Il recherche l’approbation, les félicitations, les honneurs. Il a
aussi, dans sa pensée, toujours ou presque toujours raison ; voilà
pourquoi il n’accepte pas facilement une remarque qu’il prendra comme un
manque d’égard ou une incompréhension. Il est habituellement si sûr de
lui-même qu’il ne lui vient pas à l’idée qu’il puisse en telle ou
telle circonstance se tromper gravement. Il s’obstine dans ses idées
et son vouloir, dût-il avoir comme adversaires de ses positions des
personnes beaucoup plus compétentes et beaucoup plus sages que lui. Il
lui est extrêmement difficile de s’incliner devant l’autorité et la
vertu des autres, de louer leurs bonnes actions. Il n’aime pas la bonne
réputation des autres, cherchant et trouvant toujours quelques motifs
pour les critiquer.

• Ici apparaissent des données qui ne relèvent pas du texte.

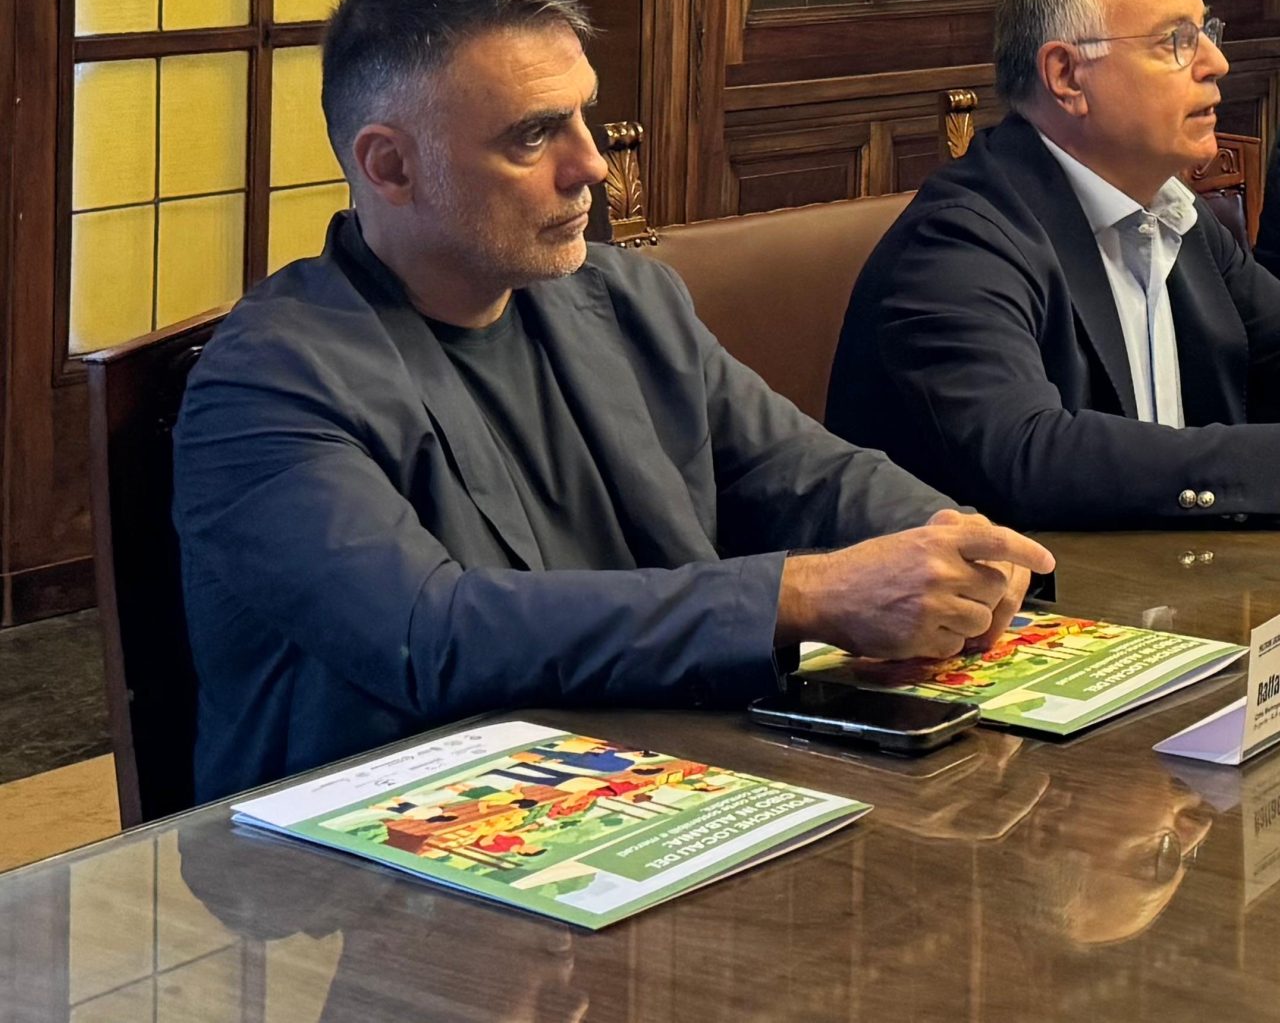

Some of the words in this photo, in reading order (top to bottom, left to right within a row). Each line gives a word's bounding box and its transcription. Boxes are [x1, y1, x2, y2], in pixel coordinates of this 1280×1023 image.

[736, 806, 756, 818] IN
[753, 792, 797, 809] CIBO
[734, 796, 817, 830] POLITICHE
[661, 813, 737, 849] ALBANIA:
[678, 827, 739, 857] LOCALI
[645, 854, 683, 869] DEL
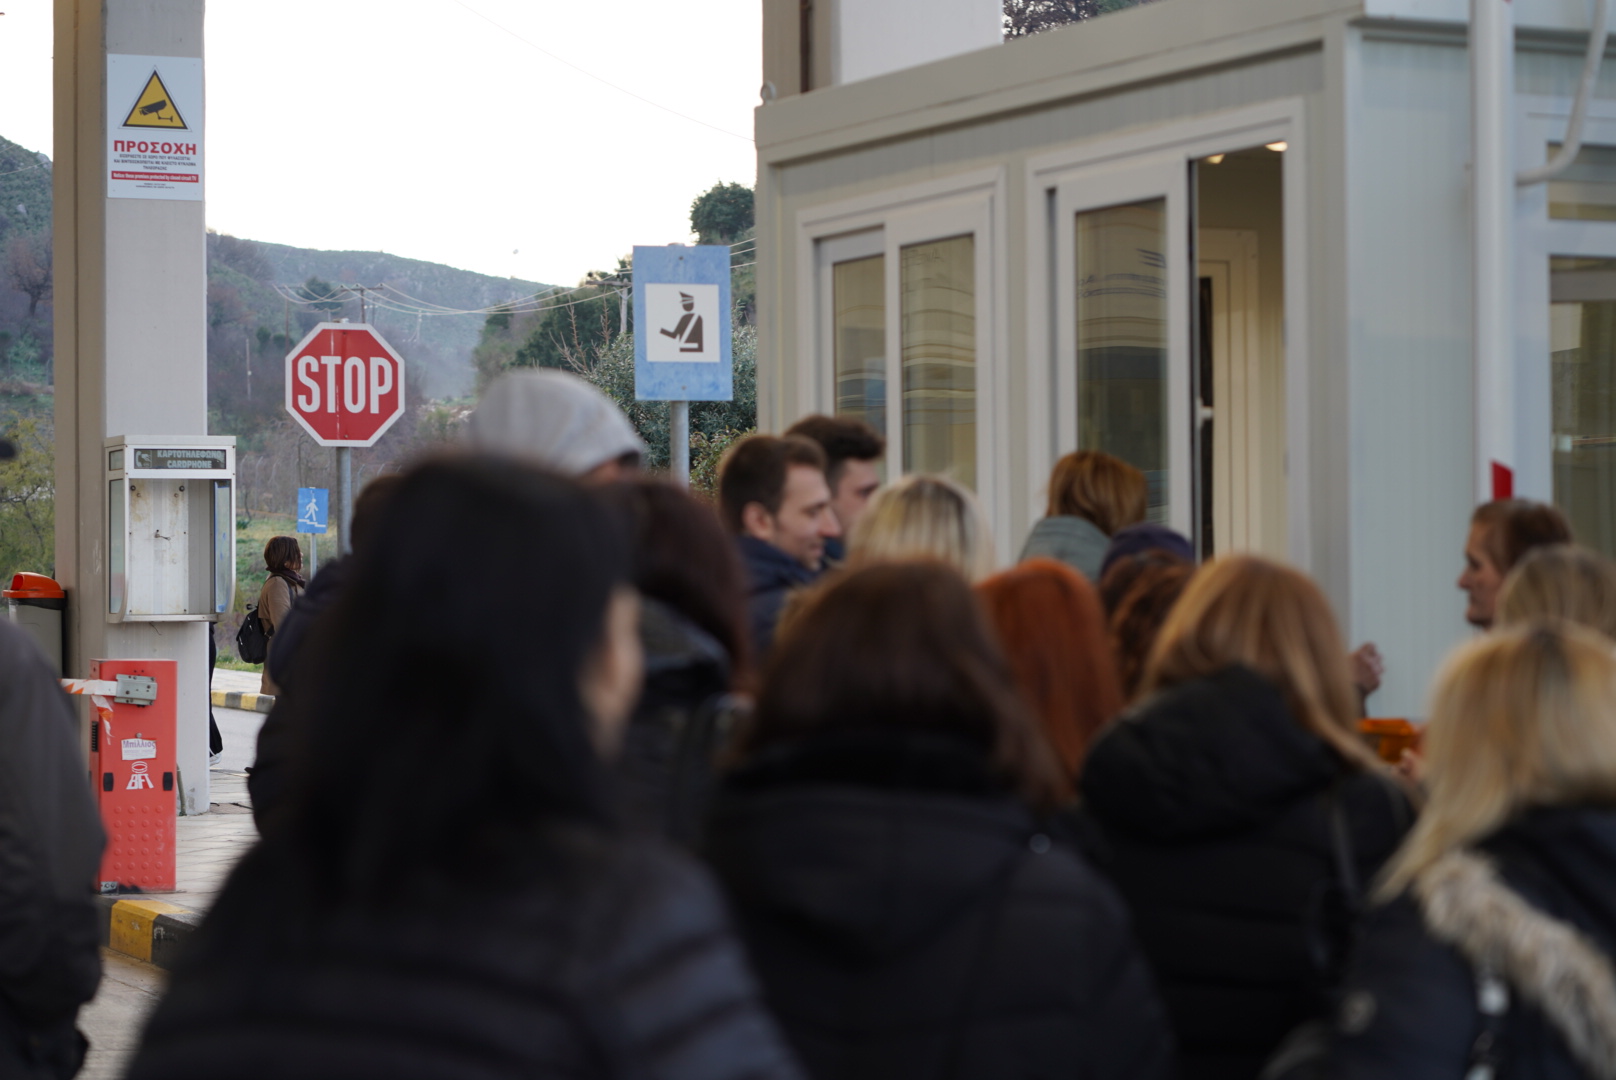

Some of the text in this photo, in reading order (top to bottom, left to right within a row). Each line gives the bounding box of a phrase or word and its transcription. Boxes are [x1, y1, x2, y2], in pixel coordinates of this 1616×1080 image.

[114, 140, 196, 155] ΠΡΟΣΟΧΗ
[298, 355, 393, 415] STOP
[157, 450, 222, 459] ΚΑΡΤΟΤΗΛΕΦΩΝΟ
[167, 460, 212, 469] CARDPHONE
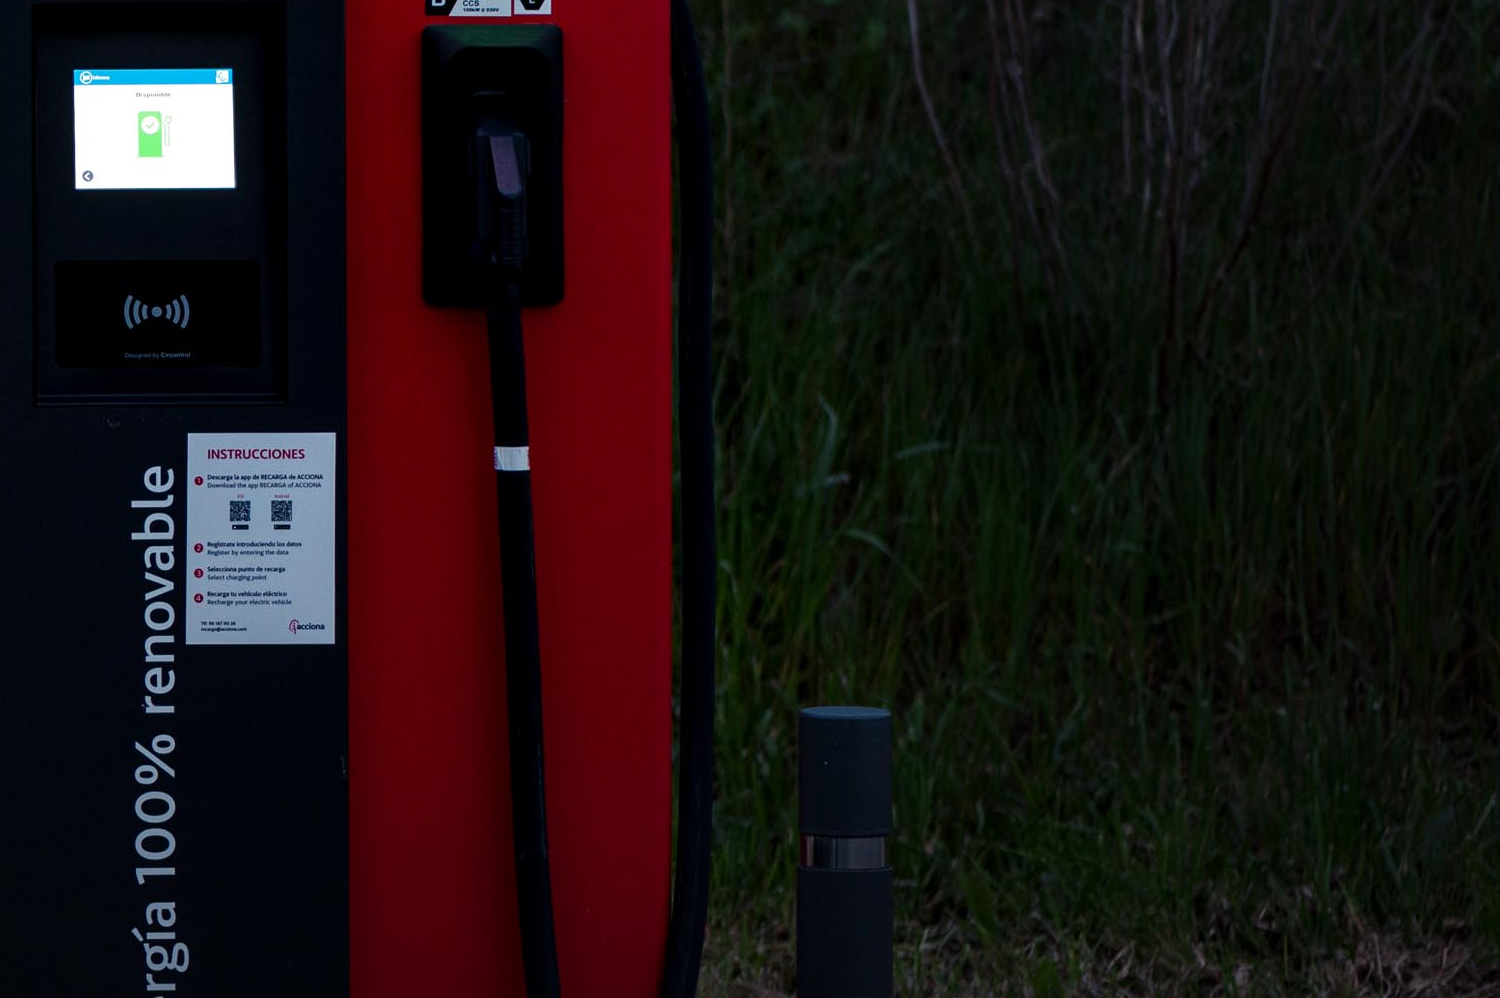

Dans les relations avec les autres, il impose ses
idées, ses façons de faire comme étant les meilleures et devant être
adoptées ; il contrôle tout. Et ce contrôle est néfaste, parce qu’il
empêche les autres de prendre leurs responsabilités et de s’épanouir,
que ce soit à l’intérieur de la famille ou des milieux de travail. Les
enfants, certes, doivent apprendre à obéir, et donc à être humbles. Mais
les parents doivent former leurs enfants au sens des responsabilités et
ne pas les empêcher de se développer en faisant tout à leur place.
L’orgueil, qui ne sait pas faire confiance à un inférieur, éteint en lui
tout esprit d’initiative ; il agit en ennemi de la liberté et de
l’autonomie d’autrui.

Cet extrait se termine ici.